Jindley Vargas
CHACHAPOYAS: Ya no cabe duda de que operar con impunidad técnica y administrativa es el sello distintivo en los trabajos de la gestión Zuta. El caso de la cuadra 13 del Jirón Salamanca es la muestra perfecta de cómo una obra pública, con financiamiento asegurado al 100%, puede transformarse en un compendio de anomalías que van desde presuntas irregularidades con los insumos hasta el colapso prematuro de la infraestructura.

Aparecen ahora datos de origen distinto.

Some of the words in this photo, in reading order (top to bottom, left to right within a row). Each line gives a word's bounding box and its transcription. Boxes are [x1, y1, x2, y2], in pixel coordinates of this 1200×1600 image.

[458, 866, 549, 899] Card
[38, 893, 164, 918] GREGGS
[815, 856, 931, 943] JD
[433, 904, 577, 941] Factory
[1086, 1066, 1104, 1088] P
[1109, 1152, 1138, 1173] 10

El historial del proyecto refleja un patrón alarmante. Tras las denuncias públicas sobre presuntas coacciones para desviar bolsas de cemento, la respuesta de los denominados «come cemento» no fue la corrección ni el deslinde, sino el apresuramiento de los trabajos en medio de tensiones, pronunciamientos y cartas notariales contra los residentes. El resultado en campo habla por sí solo: adoquines mal asentados, deficiencias severas en la compactación y un sellado de juntas tan precario que la naturaleza terminó haciendo el trabajo de fiscalización que el municipio sencillamente obvió.

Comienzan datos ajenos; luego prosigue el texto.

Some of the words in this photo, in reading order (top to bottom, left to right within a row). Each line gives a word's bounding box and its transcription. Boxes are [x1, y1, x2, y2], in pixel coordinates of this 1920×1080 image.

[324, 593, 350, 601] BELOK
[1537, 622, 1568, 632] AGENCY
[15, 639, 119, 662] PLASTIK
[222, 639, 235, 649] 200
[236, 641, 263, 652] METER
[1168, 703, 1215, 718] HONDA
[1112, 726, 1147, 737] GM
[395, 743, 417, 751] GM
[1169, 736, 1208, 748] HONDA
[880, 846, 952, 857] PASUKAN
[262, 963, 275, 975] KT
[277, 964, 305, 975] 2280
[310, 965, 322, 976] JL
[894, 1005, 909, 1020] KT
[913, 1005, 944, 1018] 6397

Bastaron las modestas lluvias de la segunda quincena de julio para dejar al descubierto la fragilidad de la vía. El agua erosionó rápidamente la arena de sello y desnudó el colapso estructural en pistas y veredas. Pese a que han transcurrido dos semanas desde que las evidencias quedaron al descubierto y fueron puestas en conocimiento de las autoridades ediles, la inacción municipal mantiene el proyecto en un absoluto limbo técnico e institucional.

Las deficiencias constructivas revelan que el punto crítico radica en la cadena de mando. El presupuesto aprobado incluía partidas específicas para un Ingeniero Residente a cargo de la ejecución y un Supervisor responsable de la calidad. Sin embargo, el silencio sobre dónde estuvieron ambos profesionales mientras se aplicaban pésimas técnicas de sellado o se gestionaban irregularmente los materiales, ensombrece aún más el panorama e incrementa las sospechas sobre su verdadero rol en el proyecto.

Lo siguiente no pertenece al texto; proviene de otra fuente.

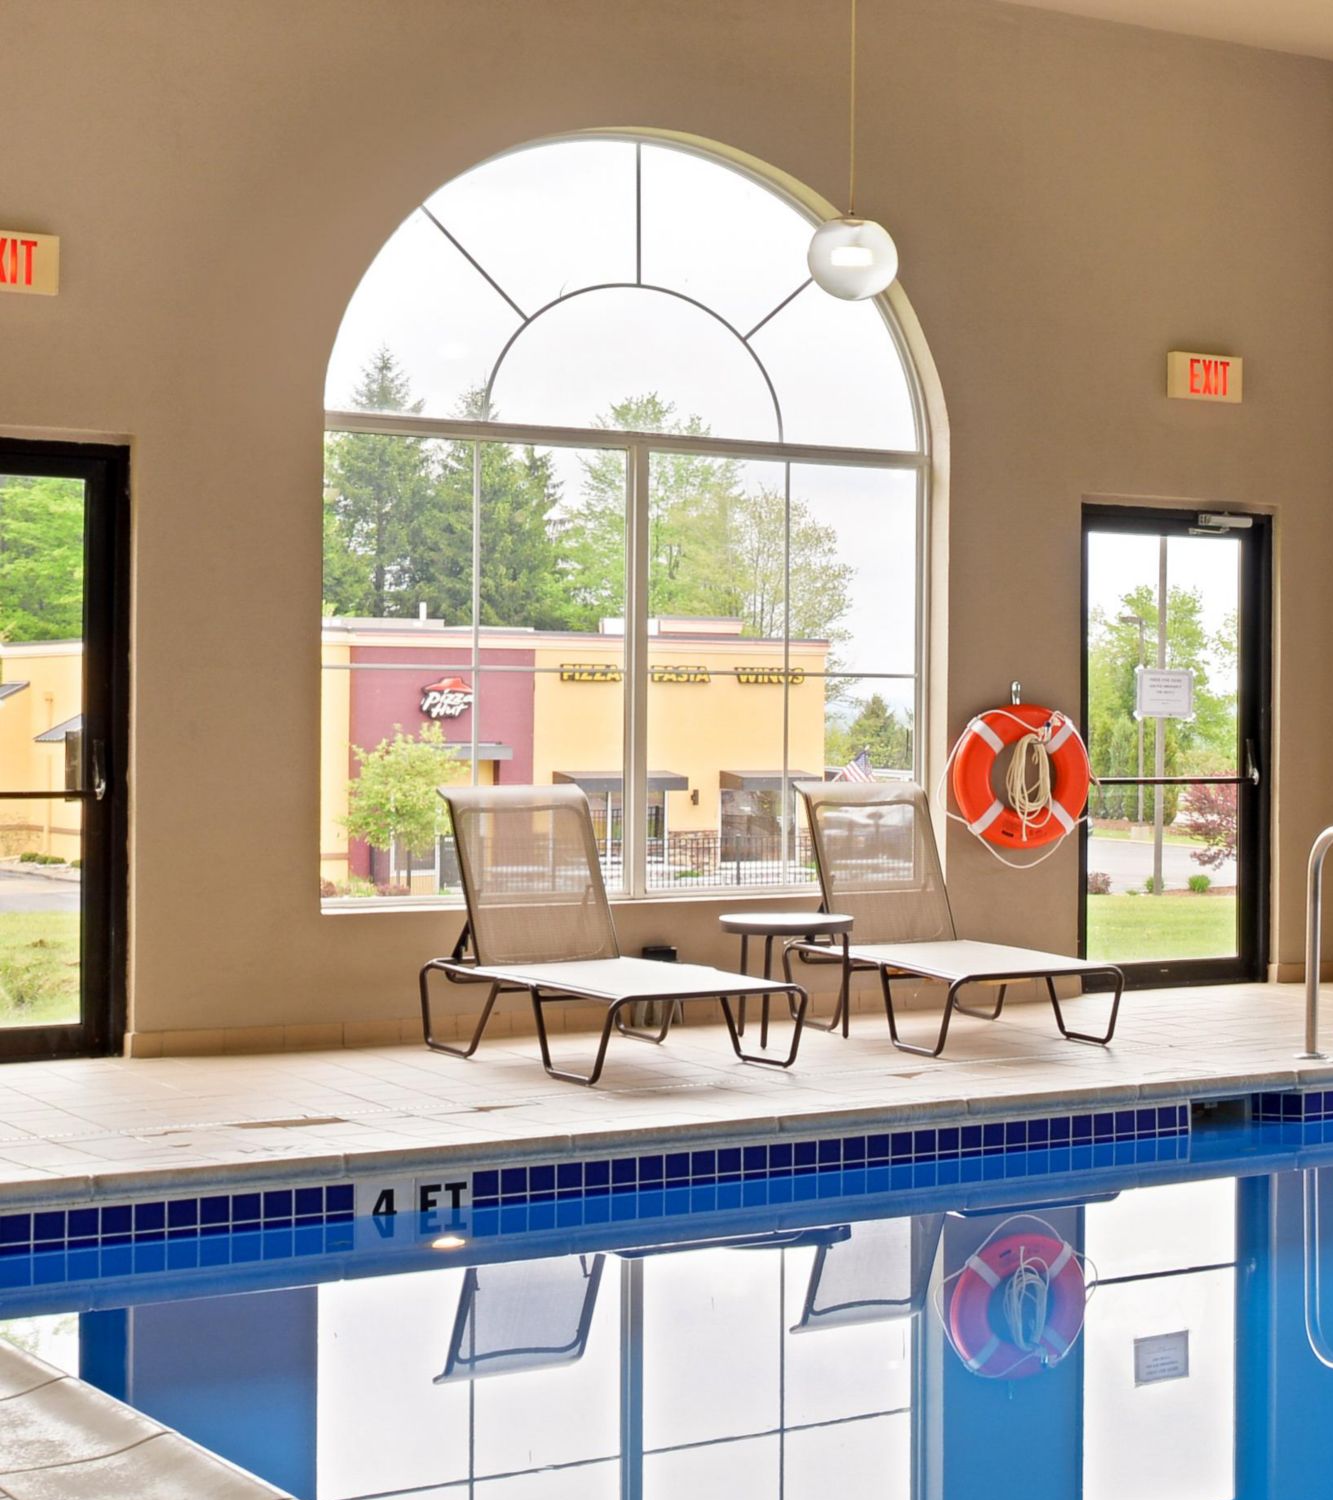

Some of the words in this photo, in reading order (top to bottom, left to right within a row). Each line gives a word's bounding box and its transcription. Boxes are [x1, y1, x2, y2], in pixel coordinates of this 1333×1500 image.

Ante la imposibilidad de entregar una obra visiblemente deteriorada antes de su recepción oficial, la responsabilidad recae de forma directa en el sillón municipal. Esto abre una interrogante inevitable para la ciudad: ¿quién financiará las reparaciones de este desastre técnico? Resulta inaceptable que los recursos públicos y las calles de la ciudad sirvan de conejillo de indias para que ingenieros y maestros de obra vengan a hacer sus pininos a costa del bolsillo de los ciudadanos.
La gestión edil tiene la obligación de deslindar responsabilidades penales y hacer ejecutar las garantías contractuales de inmediato, o asumir formalmente el costo político y fiscal de ser cómplice de un proyecto que se desmorona a la vista de todos.